In June, the coalition rallied during the Mackinac Policy Conference and two weeks later in Detroit, where it called on Michigan-based corporations General Motors, Ford, DTE Energy and CMS Energy to pledge to end campaign contributions to state lawmakers “who are working to make it harder for Black people in Michigan to cast ballots.”

The coalition includes Mothering Justice Action Fund, MOSES (Metropolitan Organizing Strategy Enabling Strength) Action, Emergent Justice, Michigan People’s Campaign, Michigan Liberation and Community Change Action.

Meanwhile, the Wayne County Commission unanimously approved a resolution on Tuesday put forth by member Jonathan Kinloch (D-Detroit) that called for increased responsible corporate citizenship and urging businesses located in southeastern Michigan to “immediately align their spending with their professed corporate values and philosophies.”
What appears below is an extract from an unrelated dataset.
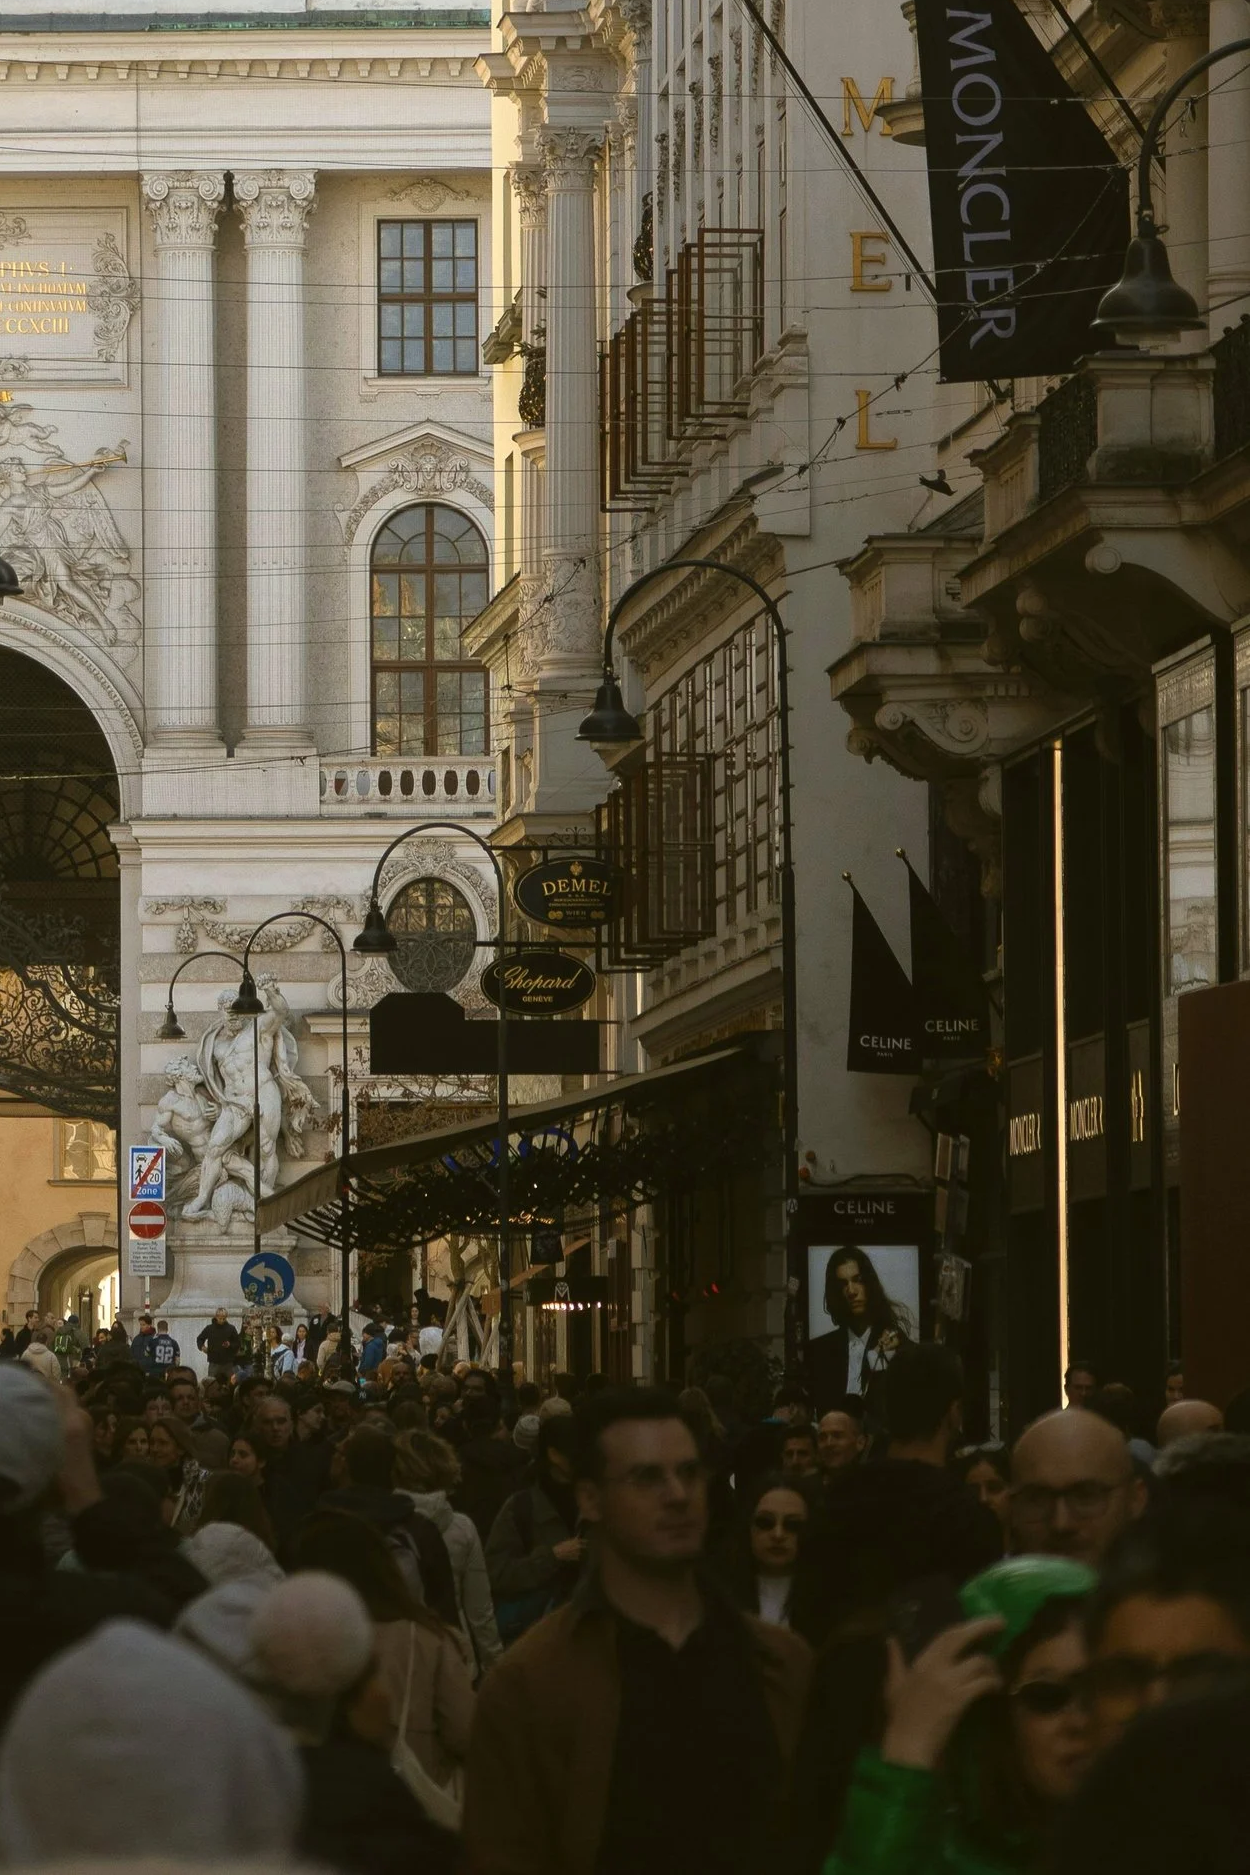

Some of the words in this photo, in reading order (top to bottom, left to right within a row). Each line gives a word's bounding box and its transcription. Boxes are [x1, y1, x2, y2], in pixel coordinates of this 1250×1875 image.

Jonathan Kinloch | Wayne County Commission

“We’re living in precarious times. Black and working-class voters in Detroit showed up to the polls in force in the 2020 election and made their voices heard,” said Kinloch in the written statement. “Now certain elected officials, funded by some of the very corporations Wayne County does business with, are trying to make it harder for them to make it to the ballot box. I’m deeply troubled that taxpayer money from my constituents is being used to attack our freedom to vote and I plan on working with my fellow commissioners to ensure that Blue Cross aligns its actions with the values of Wayne County and their own professed values.”

Since 2016, BCBSM has given $329,000 to these lawmakers, and at the same time, has also donated $355,000 to the party committees that support these same legislators, according to the coalition.

“We need more of our elected officials to show the courage that Mayor Taylor has exhibited,” said Eboni Taylor, Michigan executive director of the Mothering Justice Action Fund. “He saw what’s happening and chose to stand on the right side of history, even if it means rocking the boat and calling out one of the most powerful corporations in Michigan. Hardworking mothers and their families deserve much more than to have their tax dollars used to fund the politicians trying to stop them from having their voices heard at the polls.”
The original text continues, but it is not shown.